Logistical nightmares
A common Generalised Linear Model (GLM) for mortality modelling is logistic regression, also sometimes described as a Bernoulli GLM with a logistic link function. This models mortality at the level of the individual, and models the rate of mortality over a single year. When age is used as a continuous covariate, logistic regression has some very useful properties for pensioner mortality: exponentially increasing mortality from age 60 to 90 (say), with slower, non-exponential increases at higher ages. Logistic regression was the foundation of the models presented in a SIAS paper on annuitant mortality.
Although logistic regression for the rate of mortality is nowadays superceded by more-powerful survival models, it is still used in some quarters. However, it is a matter of real concern that we still encounter invalid implementations of this particular GLM in some actuarial applications. The mistake is to take a sixty-year-old observed over three years (say) and split this into three year-long "observations" – one at 60, one at 61, and one at age 62 – in order to force multi-year data into a model for one-year mortality rates. That this is a mistake is clear from the fact that such "observations" are indistinguishable from the data for three separate individuals aged 60, 61 and 62 observed over one year each. You don't need to be a statistician to know that one person observed over three years is not the same as three people observed over one year.

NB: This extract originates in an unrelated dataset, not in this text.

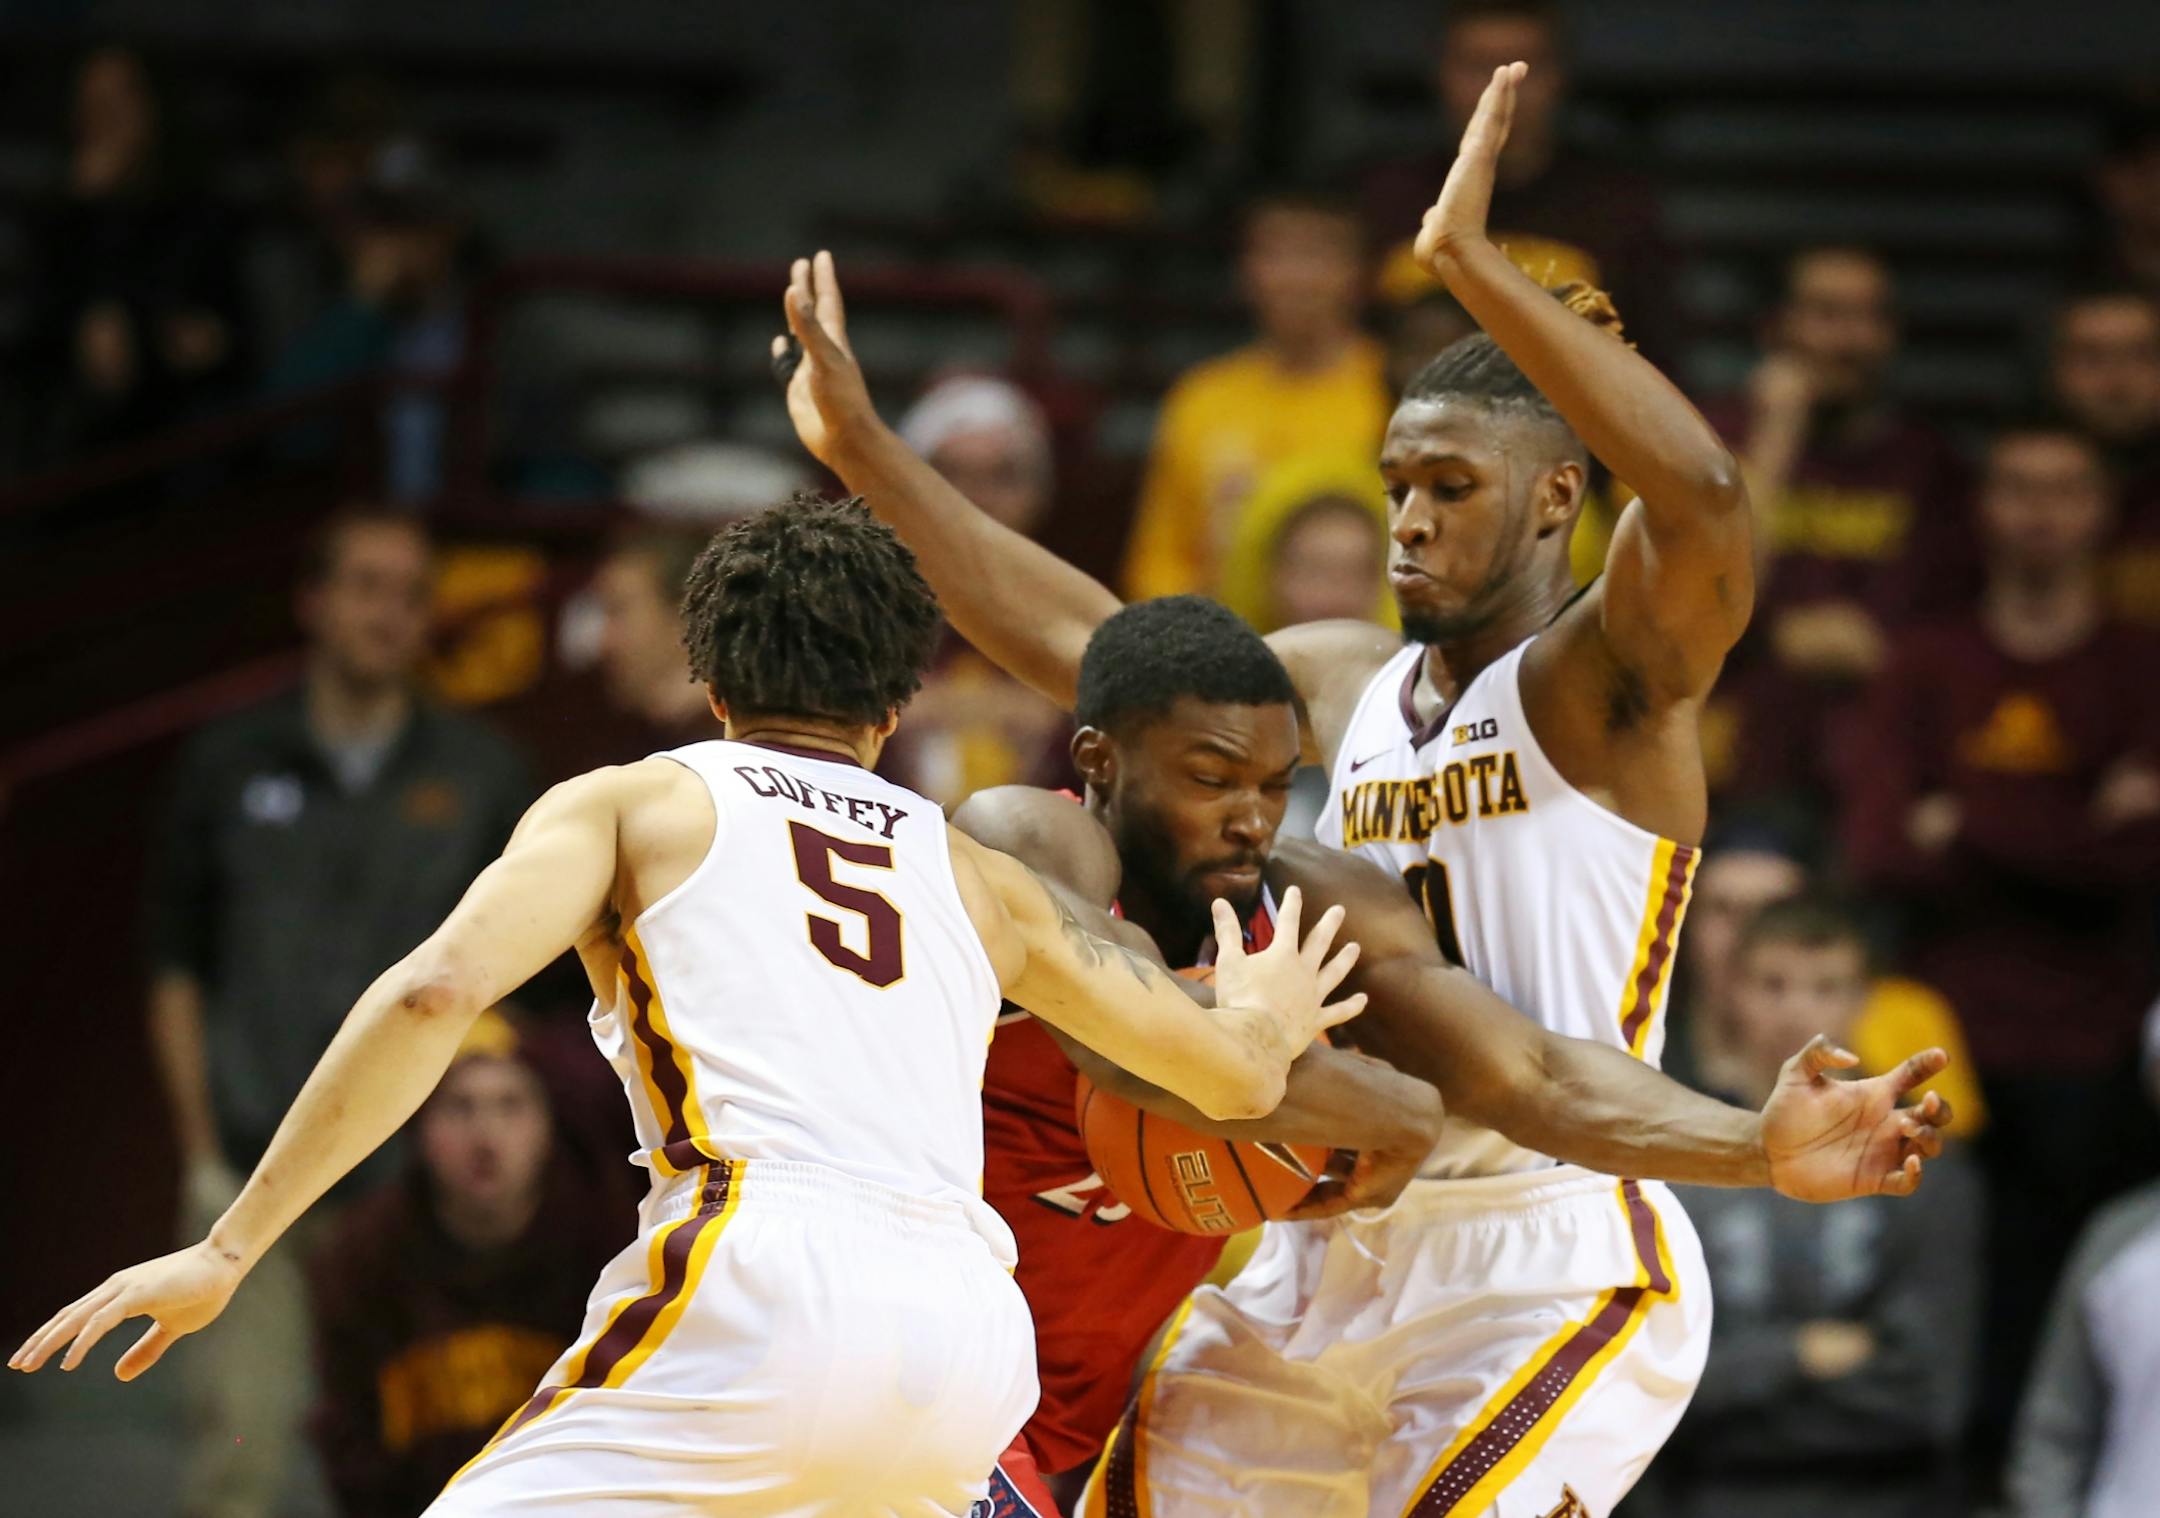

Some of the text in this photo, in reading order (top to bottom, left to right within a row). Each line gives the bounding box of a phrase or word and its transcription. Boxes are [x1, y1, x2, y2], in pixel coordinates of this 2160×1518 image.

[1452, 718, 1498, 747] B1G
[734, 766, 908, 839] COFFEY
[787, 818, 905, 990] 5
[1173, 1150, 1236, 1231] ELITE

This treatment of the data makes it impossible to distinguishable between the two, so what impact does this have?
When the time period over which an individual is observed is split up in this way, the assumption of independence of observations is violated. This assumption is crucial to all statistical model, of course, not just GLMs or logistic regression. The independence assumption can obviously hold true for the three individuals aged 60, 61 and 62 in the second example: any one of them could die in the year observed, or all of them, or none of them. Knowledge of what happened to the 62-year-old tells us nothing about what happened to the other two. However, when observation periods are split up the resulting "observations" are clearly not independent. In the one-person case above, the very existence of the "observation" at age 62 tells us automatically that there was no death at 60 or 61. The independence assumption no longer holds true, and situation is obviously worse when longer time periods are split into more "observations".

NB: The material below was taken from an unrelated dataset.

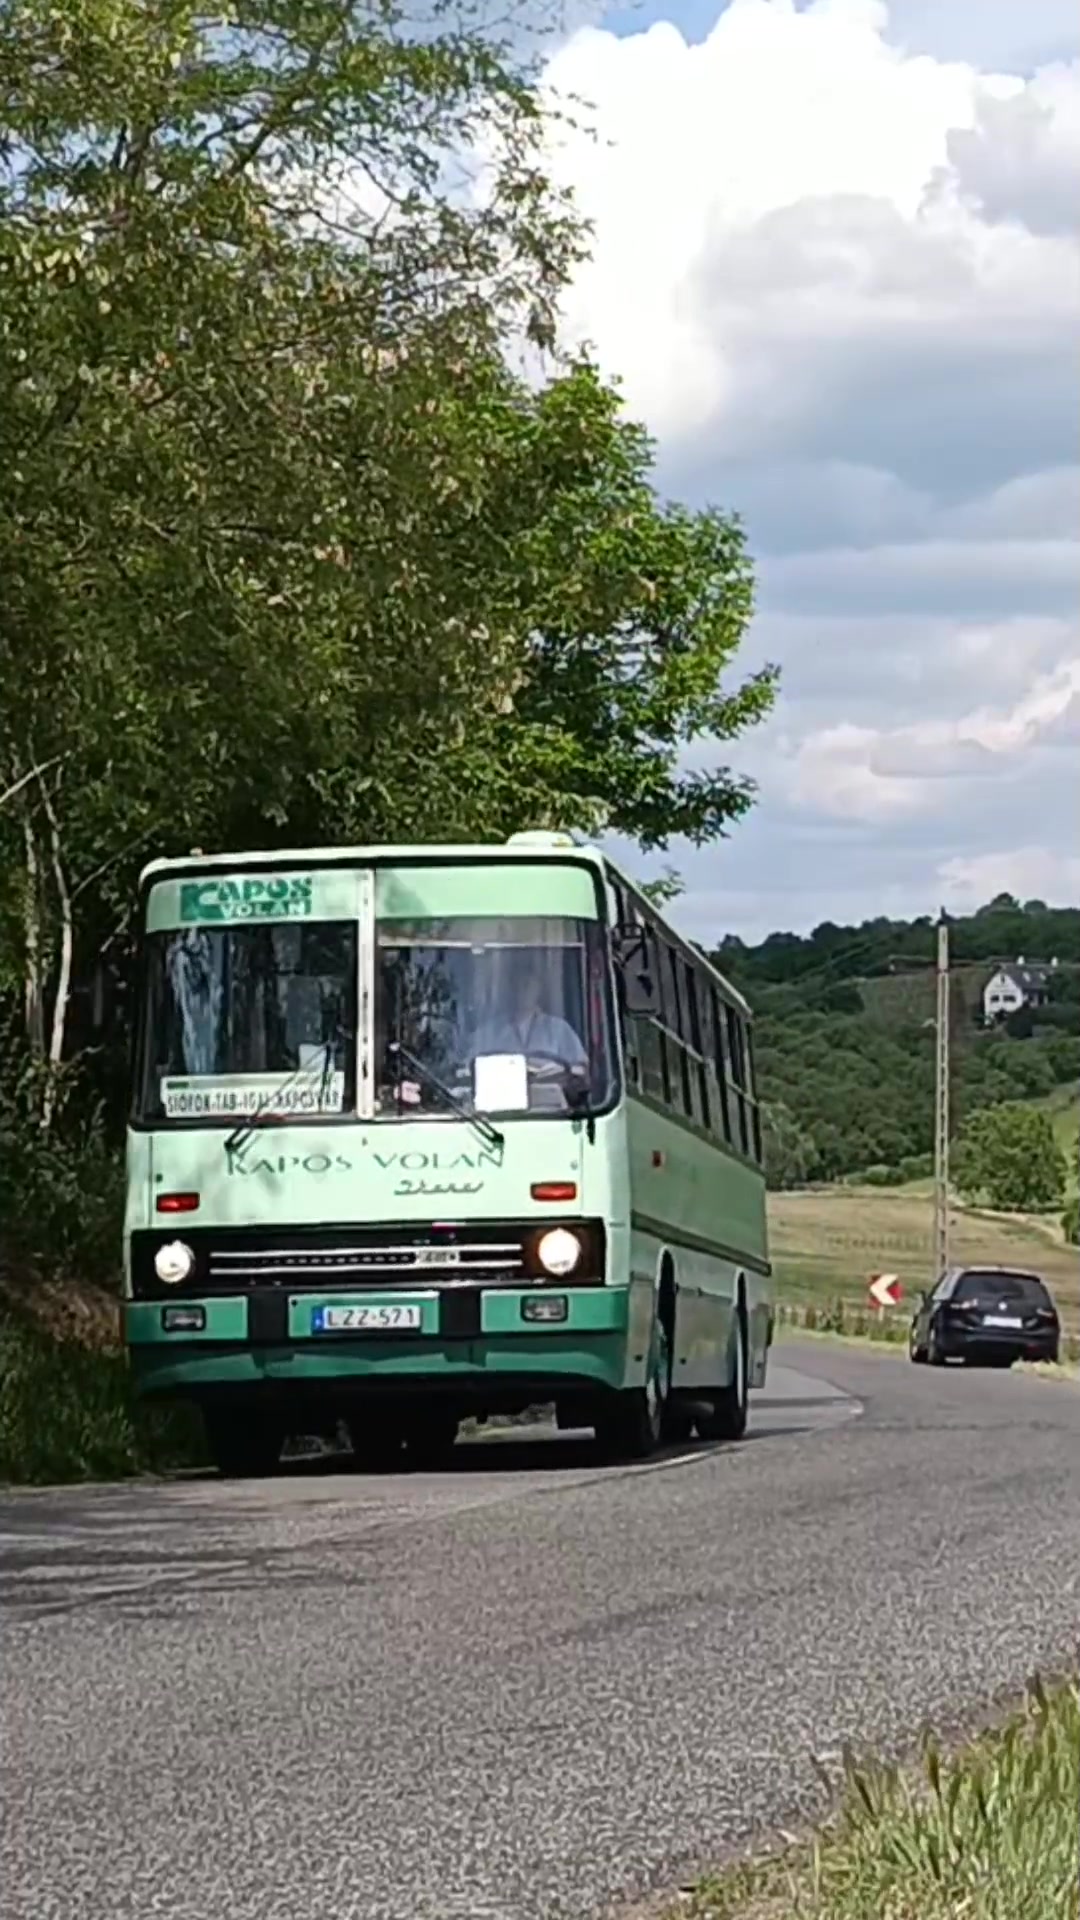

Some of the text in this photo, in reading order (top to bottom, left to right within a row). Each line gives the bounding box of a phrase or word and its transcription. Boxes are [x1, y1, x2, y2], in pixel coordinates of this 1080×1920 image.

[180, 878, 313, 921] KAPOS
[227, 1151, 352, 1176] KAPOS
[327, 1308, 414, 1326] LZZ-571

What are the consequences of this error? The most obvious one is that the standard errors produced by the GLM software will be misleading. The software is being told that there are more independent observations than there really are. As a result, the standard errors produced will be too low and they will understate the uncertainty around the parameter estimates.
A follow-on consequence of too-small standard errors is that the p-values will be wrong, i.e. the significance of parameters will be over-stated. This can lead to insignificant rating factors being falsely classed as significant.
The third consequence may be the most damaging of all: parameter estimates will be biased. The number of times a life appears in the "observations" is clearly linked to how long they live. This leads to longer-lived sub-groups being over-represented in the model-fitting.
If the results of such a GLM were being used for financial purposes, it is obviously a major concern if the estimates are biased and the standard errors are wrong. The solution is simple: enforce the independence assumption by making sure each person appears only once in the data fed into the model. To use logistic regression at the individual level, this means using a single year's data only. Of course, this is wasteful if you have multiple years' data, and you are somewhat vulnerable to period effects. If you want to model mortality at the individual level over several years, therefore, the obvious approach is to use survival models for the force of mortality.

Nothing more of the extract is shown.